- The paper introduces an agentic workflow that leverages dual-channel retrieval to integrate semantic and relational data for enhanced evidence collection.
- It employs a modular pipeline—including Query Decomposition, Context Refinement, and Query Expansion—to support iterative, multi-turn reasoning in LLMs.
- Experimental results show significant gains in retrieval precision and performance metrics such as SubEM, A-Score, and E-Score across multi-hop benchmarks.
GraphSearch: An Agentic Deep Searching Workflow for Graph Retrieval-Augmented Generation
GraphSearch represents a novel approach in the domain of graph retrieval-augmented generation (GraphRAG), addressing key limitations associated with existing paradigms, particularly shallow retrieval and inefficient utilization of graph data. This framework introduces an agentic deep searching methodology, leveraging dual-channel retrieval to holistically integrate semantic queries and relational graphs. Here we explore the technical intricacies and experimental efficacy of GraphSearch, elucidating its potential in enhancing factual reasoning within LLMs.
Background
GraphRAG frameworks historically enhance factual reasoning in LLMs via graph-based representations, yet challenges such as shallow retrieval and suboptimal graph data utilization persist. GraphRAGs often operate with a single-round retrieval strategy, leading to inadequate evidence discovery required for complex queries.

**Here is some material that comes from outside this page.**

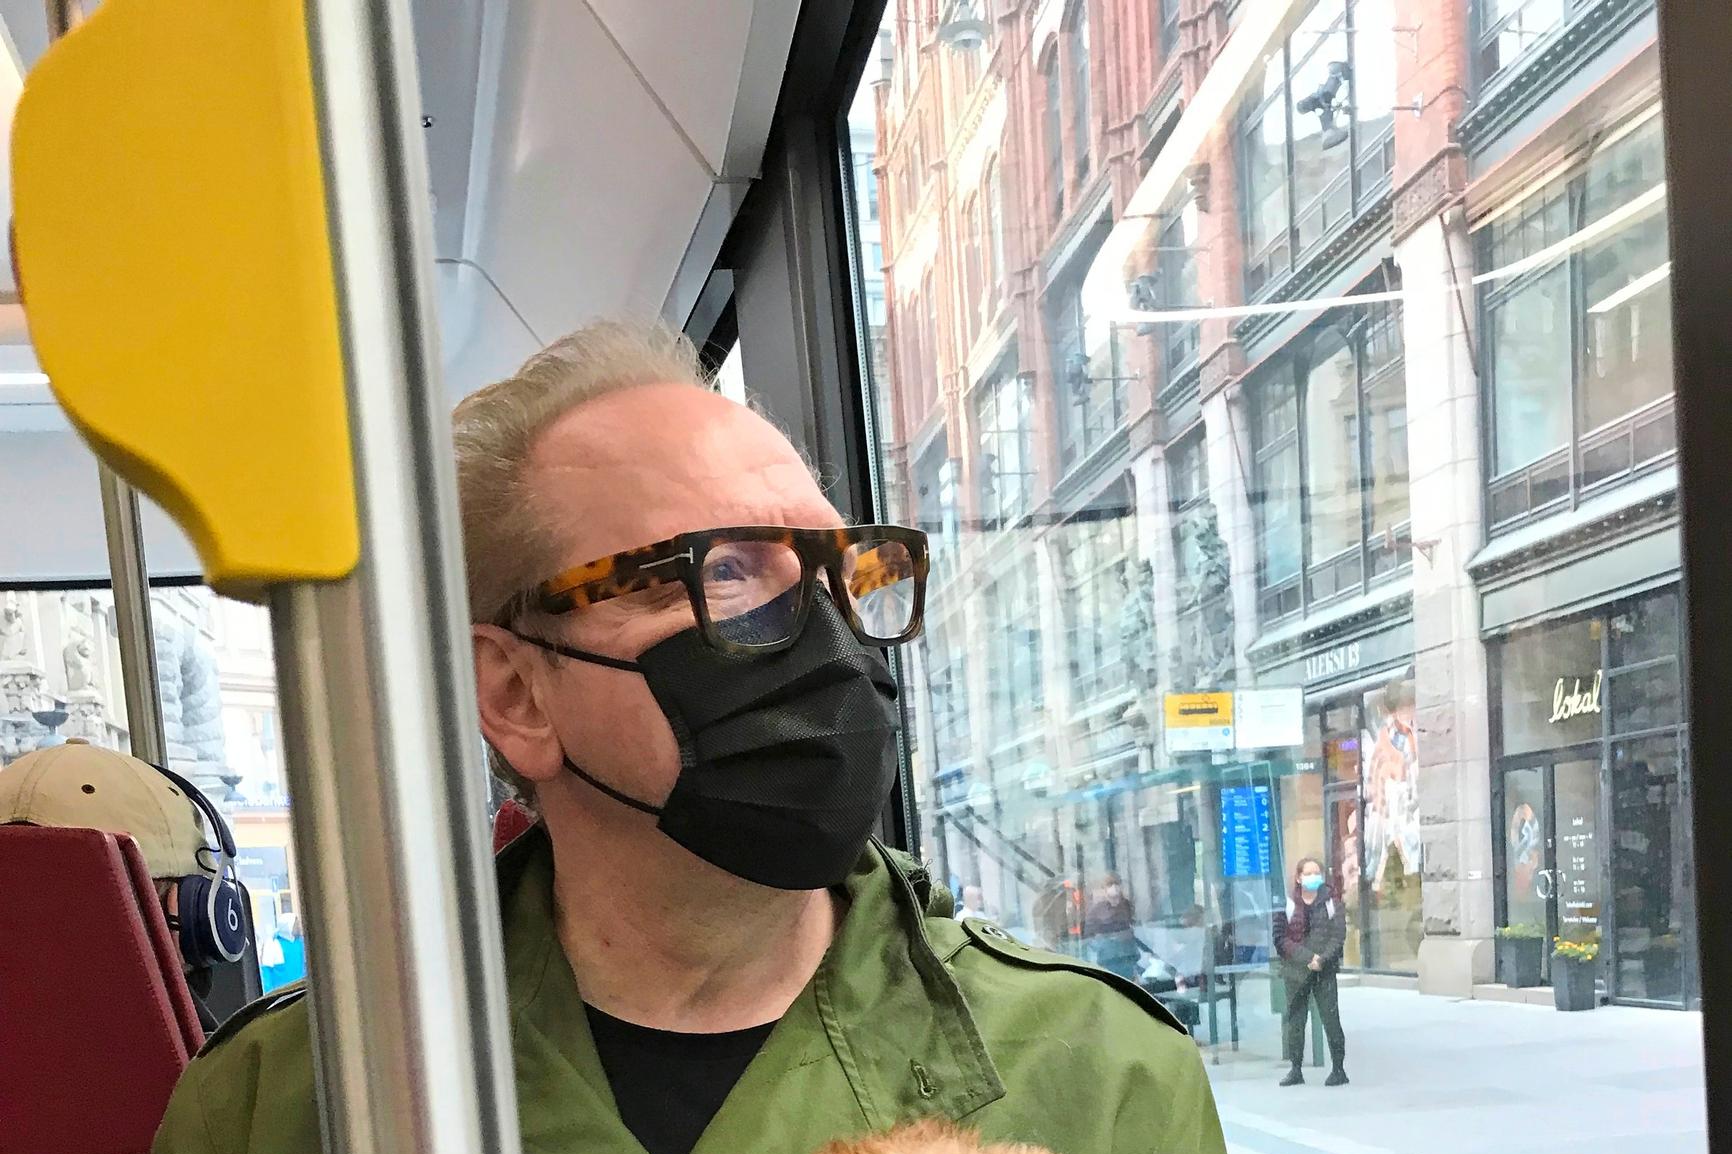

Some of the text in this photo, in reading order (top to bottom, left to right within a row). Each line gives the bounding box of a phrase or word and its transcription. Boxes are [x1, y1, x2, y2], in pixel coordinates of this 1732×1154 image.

[1304, 642, 1360, 681] ALEKSI 13
[1548, 669, 1602, 723] lokal

GraphSearch mitigates these issues through structured graph knowledge bases (KBs) coupled with modular workflows to facilitate multi-turn interactions and iterative reasoning.
GraphSearch Framework
Modular Deep Searching Pipeline
GraphSearch's architecture is distinctly modular, composed of six interconnected modules:
- Query Decomposition (QD): Decomposes complex queries into manageable sub-queries, enabling fine-grained evidence retrieval.
- Context Refinement (CR): Filters redundant information to highlight pertinent entities and relationships.
- Query Grounding (QG): Ensures queries are contextually enriched using intermediate answers from previous retrievals.
- Logic Drafting (LD): Constructs a coherent reasoning chain from available evidence.
- Evidence Verification (EV): Evaluates logical consistency and sufficiency of the reasoning chain.
- Query Expansion (QE): Generates additional sub-queries to address any identified knowledge gaps.
The framework's agentic capabilities allow for iterative retrieval and reflection, enhancing the reasoning quality over multiple interaction rounds.
Figure 1: Overview of our GraphSearch framework.
Dual-Channel Retrieval Strategy
GraphSearch employs a dual-channel retrieval methodology:
- Semantic Channel: Retrieves descriptive evidence from text chunks using semantically coherent sub-queries.
- Relational Channel: Utilizes subject-predicate-object relations to retrieve structured graph data, guiding multi-hop reasoning by employing subgraph entities and relations.
This dual-channel system not only exploits the synergy between text and graph modalities but does so in a way that aligns with their respective functional roles, providing a robust backbone for complex query resolution.
Experimental Evaluation
Experiments conducted across six multi-hop RAG benchmarks demonstrate the superiority of GraphSearch over traditional approaches. GraphSearch consistently improves performance metrics such as SubEM, A-Score, and E-Score across benchmarks like HotpotQA, MuSiQue, and 2WikiMultiHopQA.
Key Findings
- Performance Enhancement: GraphSearch outperforms baseline GraphRAG approaches by enabling more comprehensive evidence retrieval through iterative reasoning and multi-turn interactions.
- Plug-and-Play Capability: The framework integrates seamlessly with existing GraphRAG methods, enhancing retrieval effectiveness regardless of the underlying graph KB configuration.
- Efficiency Under Constraints: GraphSearch maintains strong retrieval fidelity even under reduced retrieval budgets, highlighting its potential for low-resource environments.
Figure 2: Comparisons between dual-channel and single-channel retrieval in GraphSearch.
Conclusion
GraphSearch exemplifies a significant advancement in graph retrieval-augmented generation by addressing the limitations of shallow retrieval and modality underutilization. The agentic architecture fosters deep integration of evidence collection and logic refinement, empowering LLMs to achieve enhanced factual accuracy in complex reasoning tasks. Future work could explore the tuning of GraphSearch with advanced learning strategies and its applicability in multimodal retrieval contexts.